Now the EU's Information Society is doing something about it. It plans to launch a false-alarm-free fire detection system for 2006.
The project, dubbed the Intelligent Modular Multi-Sensor Networked False Alarm Free Fire Detection System (http://imos.fhnon.de), has just released test results that indicate the commercial version of its fire alarm, based on a prototype called IMOS, will virtually eliminate false alarms.
Two recent tests one in a smoking lounge and the other in a busy, dusty loading dock both performed flawlessly, according to the IMOS partners.
The IMOS prototype was the joint development effort of a nine-member cooperative spanning industry and academia in England, France, Germany, Greece, Hungary, Italy and Switzerland.
Many manufacturers are currently gearing up to demonstrate commercial alarms based on the IMOS technology at the Security 2006 exhibition, to be held in Essen, Germany, next October.
The key to the false-alarm fire detection system is its smart approach. The reason that false alarms on airplanes reach 99 percent, according to the IMOS partners, is that when the temperature drops suddenly in the cargo compartment after liftoff, humidity in the air condenses onto detectors.
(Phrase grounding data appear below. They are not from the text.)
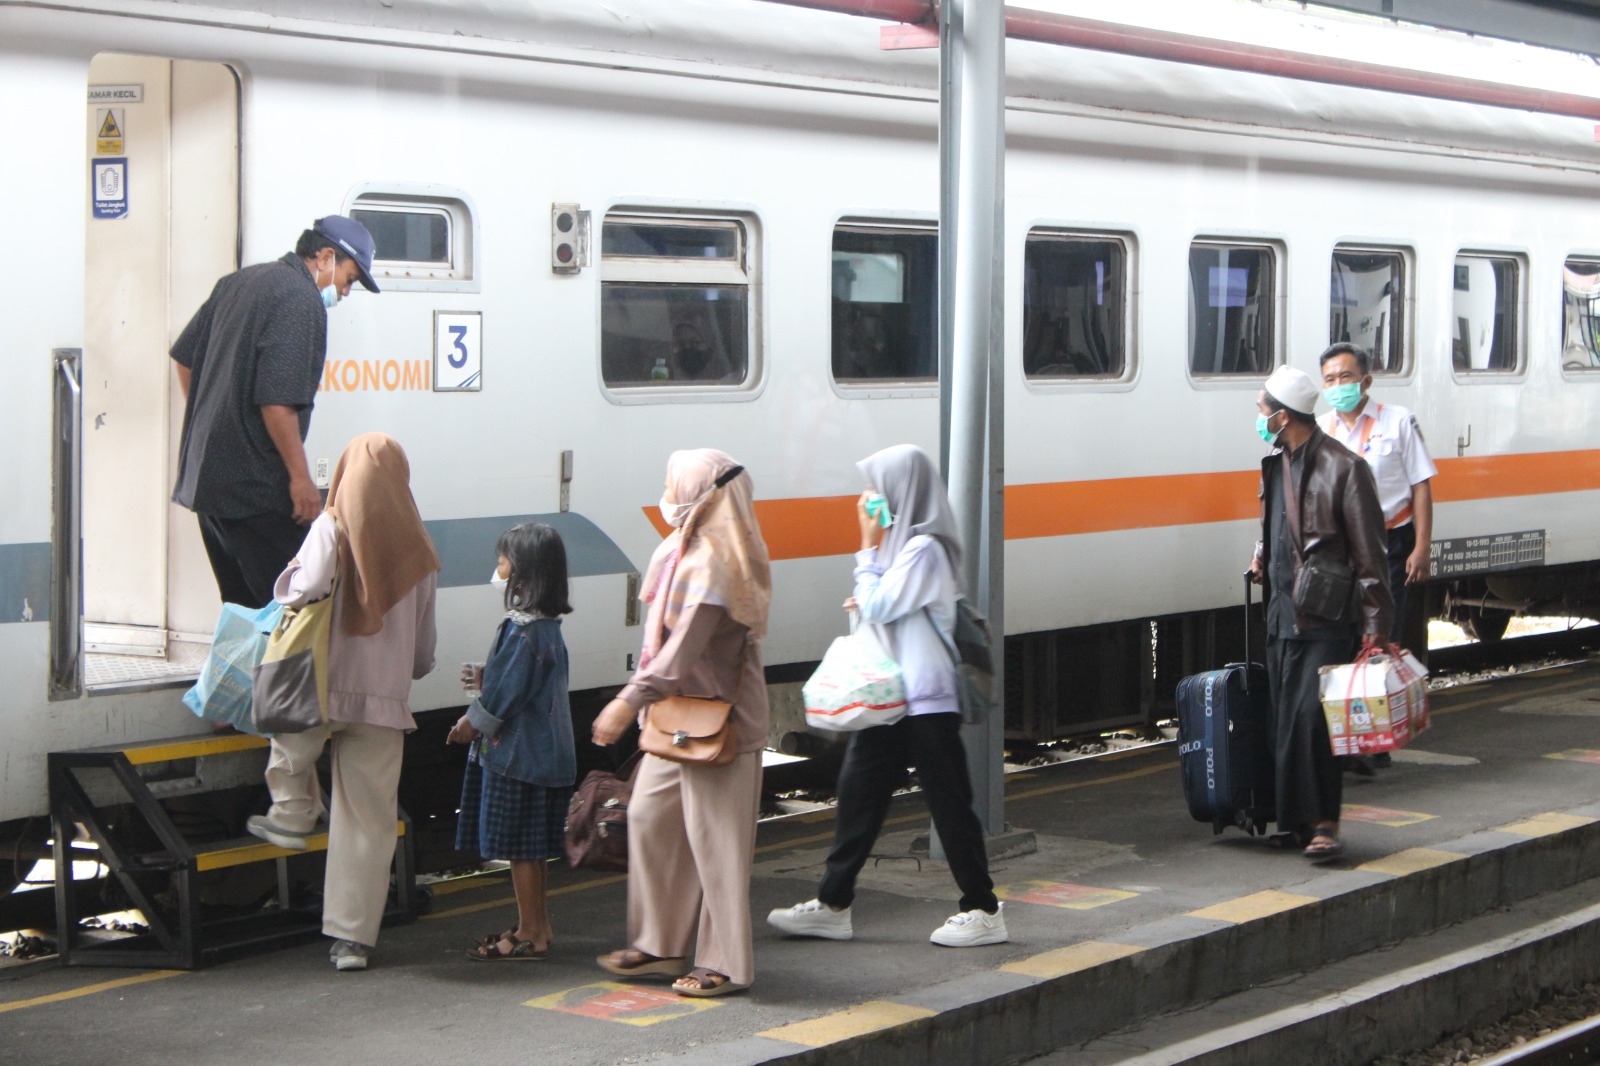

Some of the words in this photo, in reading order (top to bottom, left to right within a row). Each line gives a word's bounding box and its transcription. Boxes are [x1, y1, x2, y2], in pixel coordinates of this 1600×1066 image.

[113, 90, 136, 98] KECIL
[447, 325, 468, 369] 3
[317, 359, 430, 392] KONOMI
[1205, 677, 1213, 717] POLO
[1206, 747, 1215, 789] POLO
The fire alarms are indeed sensing particulate matter when they issue a false alarm but it's just moisture, not smoke.
Look, then sniff
To remedy that, the IMOS technique uses a look-and-sniff approach.
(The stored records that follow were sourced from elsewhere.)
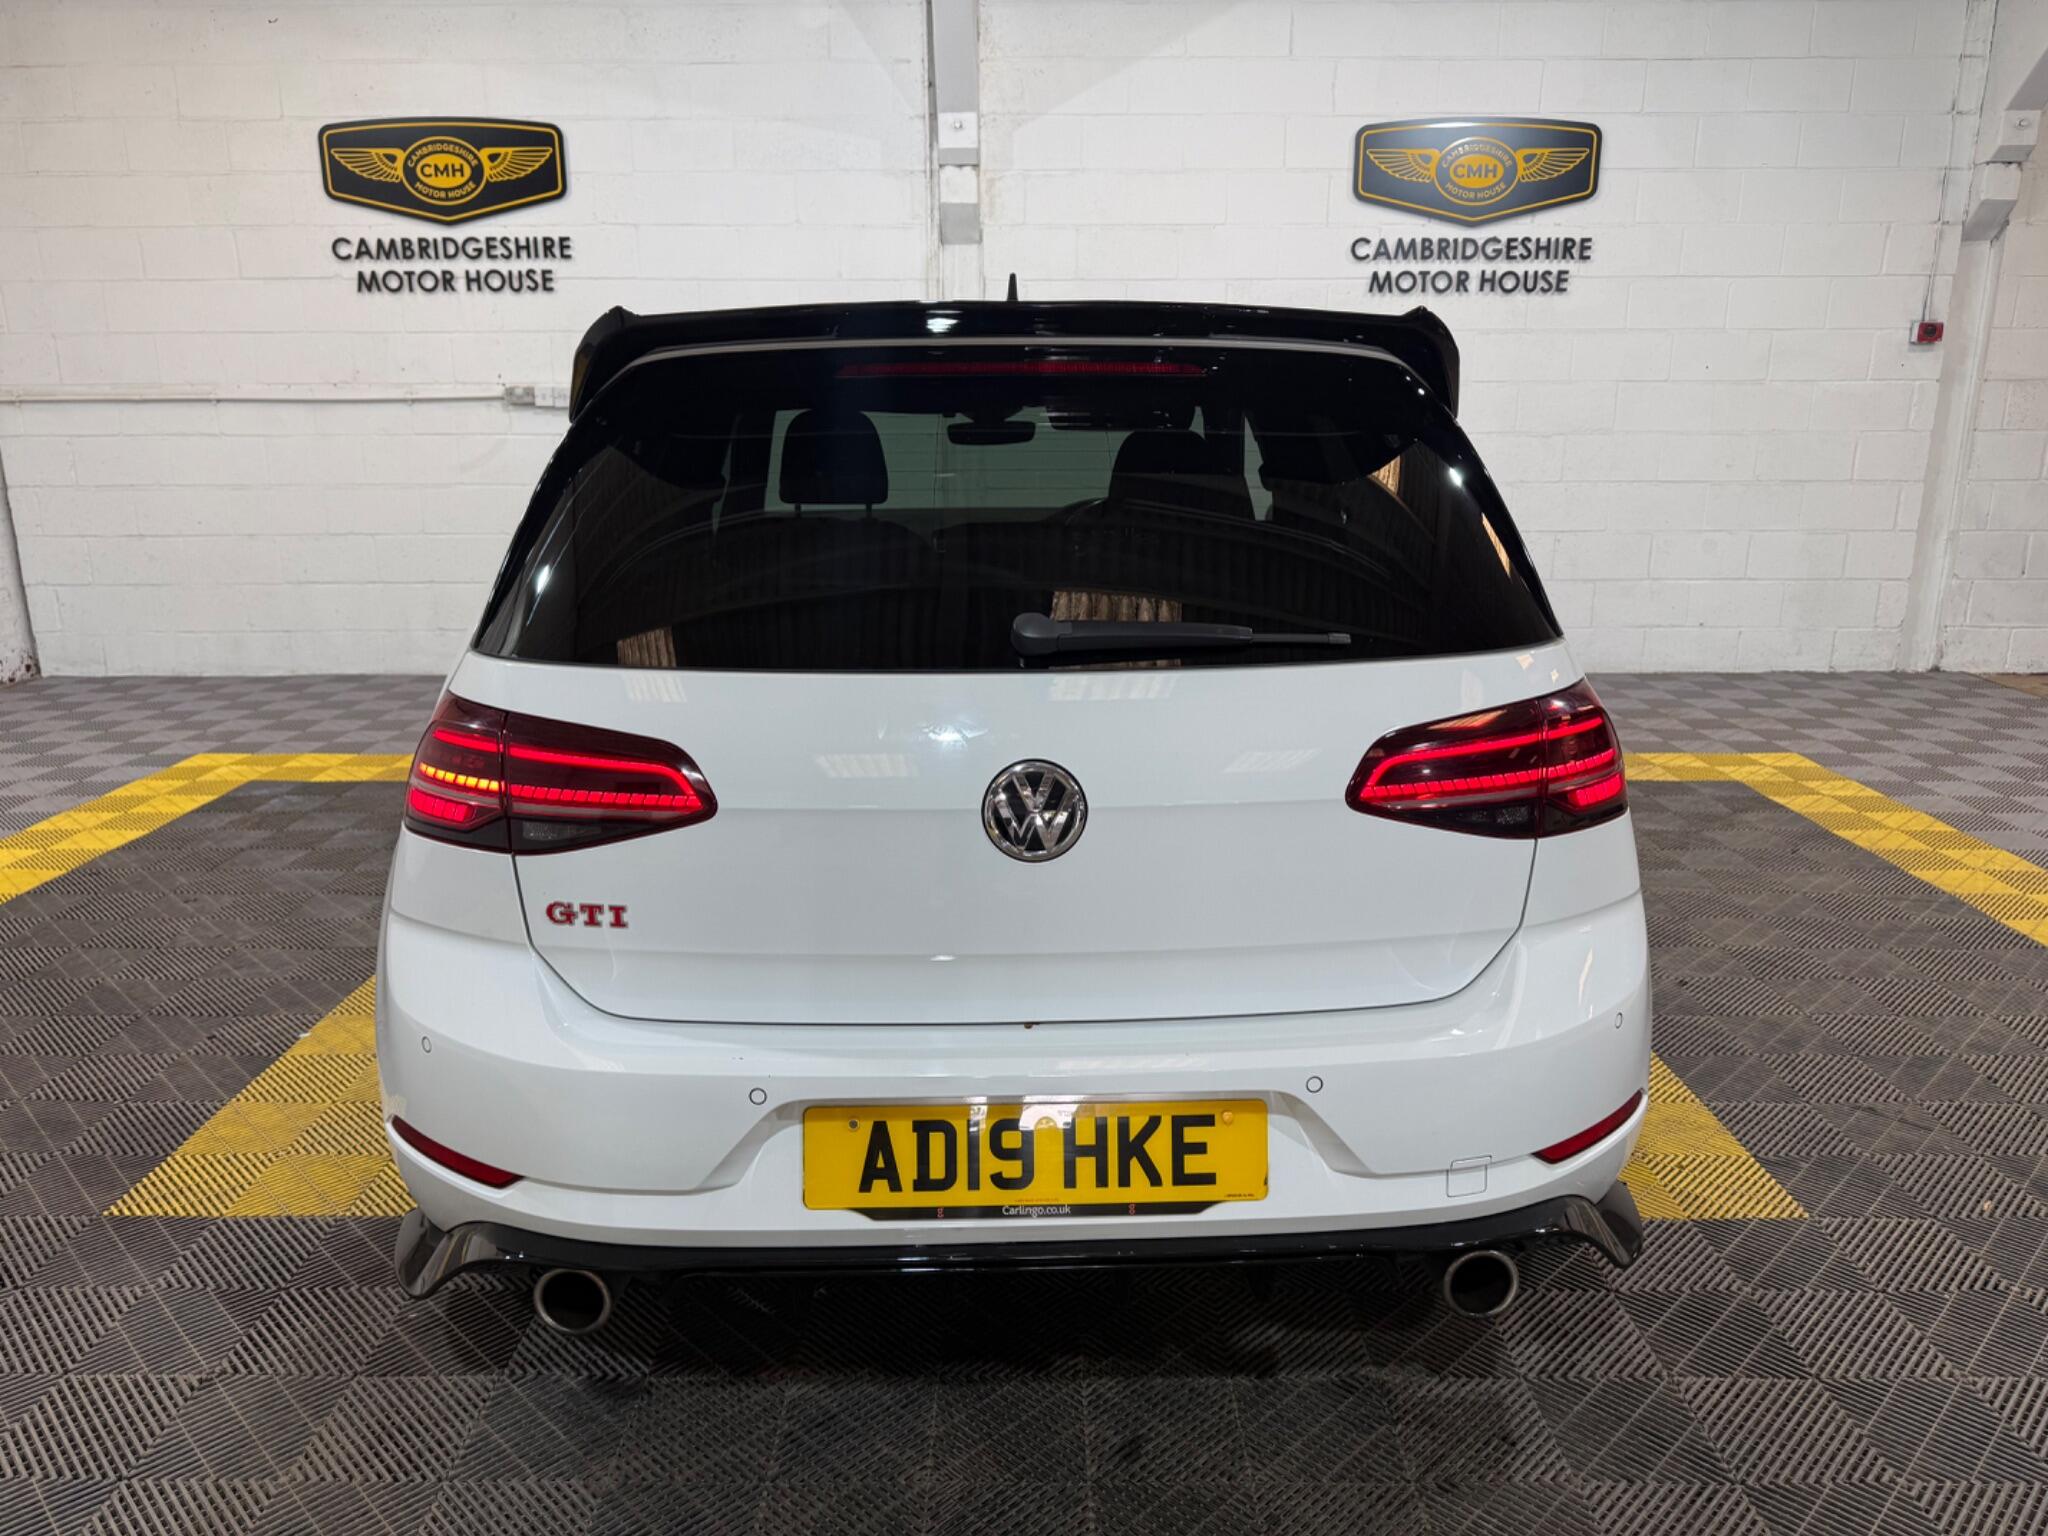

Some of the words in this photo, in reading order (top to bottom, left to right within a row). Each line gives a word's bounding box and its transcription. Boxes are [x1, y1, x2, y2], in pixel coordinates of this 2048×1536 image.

[408, 143, 479, 168] CAMBRIDGESHIRE
[420, 162, 465, 178] CMH
[1453, 163, 1498, 179] CMH
[414, 181, 447, 199] MOTOR
[447, 180, 477, 199] HOUSE
[1445, 182, 1473, 199] MOTOR
[1476, 181, 1506, 199] HOUSE
[331, 236, 572, 261] CAMBRIDGESHIRE
[1350, 236, 1592, 262] CAMBRIDGESHIRE
[357, 269, 456, 293] MOTOR
[465, 269, 555, 293] HOUSE
[1368, 270, 1470, 294] MOTOR
[1479, 269, 1569, 293] HOUSE
[545, 901, 629, 929] GTI
[858, 1118, 1035, 1193] AD19
[1062, 1114, 1217, 1190] HKE
[1002, 1204, 1071, 1218] Carlingo.co.uk
An optical multisensor first determines if smoke is in the air, or just humidity. Then a laser scanner looks to see if there is particulate matter in the air. The detector portion of the electronics gets the go-ahead to sniff only if the laser scans smoke, thereby preventing the alarm from sounding when only condensed humidity is present.
In phase two, a second multigas-sensor system measures CO, CO2, NO, unburned hydrocarbons and alkaloids to determine whether the smoke is just from cigarettes or whether it comes from any of a variety of burnable materials that warrant an alarm.
By using a conductive polymer, the IMOS design can detect the difference between cigarettes, wood, cotton, paper and plastic. When particulate matter falls on the conductive polymer, its resistance changes in one of five bands, each tuned to a specific substance, then automatically resets after the smoke has cleared.
The false-alarm system is also wired into the Internet, enabling remote servicing and the downloading of updated software to its microchip.